POMDP Value Functions Are Piecewise Linear and Convex

Claim

For a finite POMDP \((S, A, \Omega, P, O, R, \gamma)\), the finite-horizon optimal value function \(V_k^* : \Delta(S) \to \mathbb{R}\) is piecewise linear and convex (PWLC) in the belief \(b\) for every horizon \(k \geq 0\) (Kaelbling et al. 1998). That is, there exists a finite set \(\Gamma_k \subset \mathbb{R}^{|S|}\) of \(\alpha\)-vectors such that:

\[V_k^*(b) = \max_{\alpha \in \Gamma_k}\, \alpha \cdot b \qquad \forall b \in \Delta(S).\]

Proof

By induction on \(k\).

Base case (\(k = 0\)). Set \(V_0^*(b) = 0\) for all \(b\). This is PWLC with \(\Gamma_0 = \{\mathbf{0}\}\). \(\square\)

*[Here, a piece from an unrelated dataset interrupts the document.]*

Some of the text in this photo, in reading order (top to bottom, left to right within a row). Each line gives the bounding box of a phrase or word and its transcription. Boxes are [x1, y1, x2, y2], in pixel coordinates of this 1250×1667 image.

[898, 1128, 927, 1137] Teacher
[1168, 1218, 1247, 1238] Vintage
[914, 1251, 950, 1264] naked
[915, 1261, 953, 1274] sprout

Inductive step. Assume \(V_k^*\) is PWLC with \(\alpha\)-vector set \(\Gamma_k\):

\[V_k^*(b) = \max_{\alpha \in \Gamma_k}\, \alpha \cdot b.\]

We show \(V_{k+1}^*\) is PWLC.

Step 1: Transform \(\alpha\)-vectors through one observation.

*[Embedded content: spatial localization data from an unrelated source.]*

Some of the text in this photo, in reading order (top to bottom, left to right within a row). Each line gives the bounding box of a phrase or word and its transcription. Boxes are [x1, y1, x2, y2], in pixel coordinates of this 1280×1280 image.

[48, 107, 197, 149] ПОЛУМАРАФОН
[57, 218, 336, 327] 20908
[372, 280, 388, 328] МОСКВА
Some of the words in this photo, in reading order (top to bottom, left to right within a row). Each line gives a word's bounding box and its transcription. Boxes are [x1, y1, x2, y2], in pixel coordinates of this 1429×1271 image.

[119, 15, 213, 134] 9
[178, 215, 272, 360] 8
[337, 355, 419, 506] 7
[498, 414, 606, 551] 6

Fix action \(a \in A\) and observation \(o \in \Omega\). For each \(\alpha \in \Gamma_k\), define the backed-up \(\alpha\)-vector \(\hat{\alpha}^{a,o} \in \mathbb{R}^{|S|}\) by:

\[\hat{\alpha}^{a,o}_s = \gamma \sum_{s' \in S} O(o \mid s', a)\, P(s' \mid s, a)\, \alpha_{s'}.\]

This is a linear transformation of \(\alpha\) through the observation and transition matrices.

Step 2: The contribution of one observation is linear in \(b\).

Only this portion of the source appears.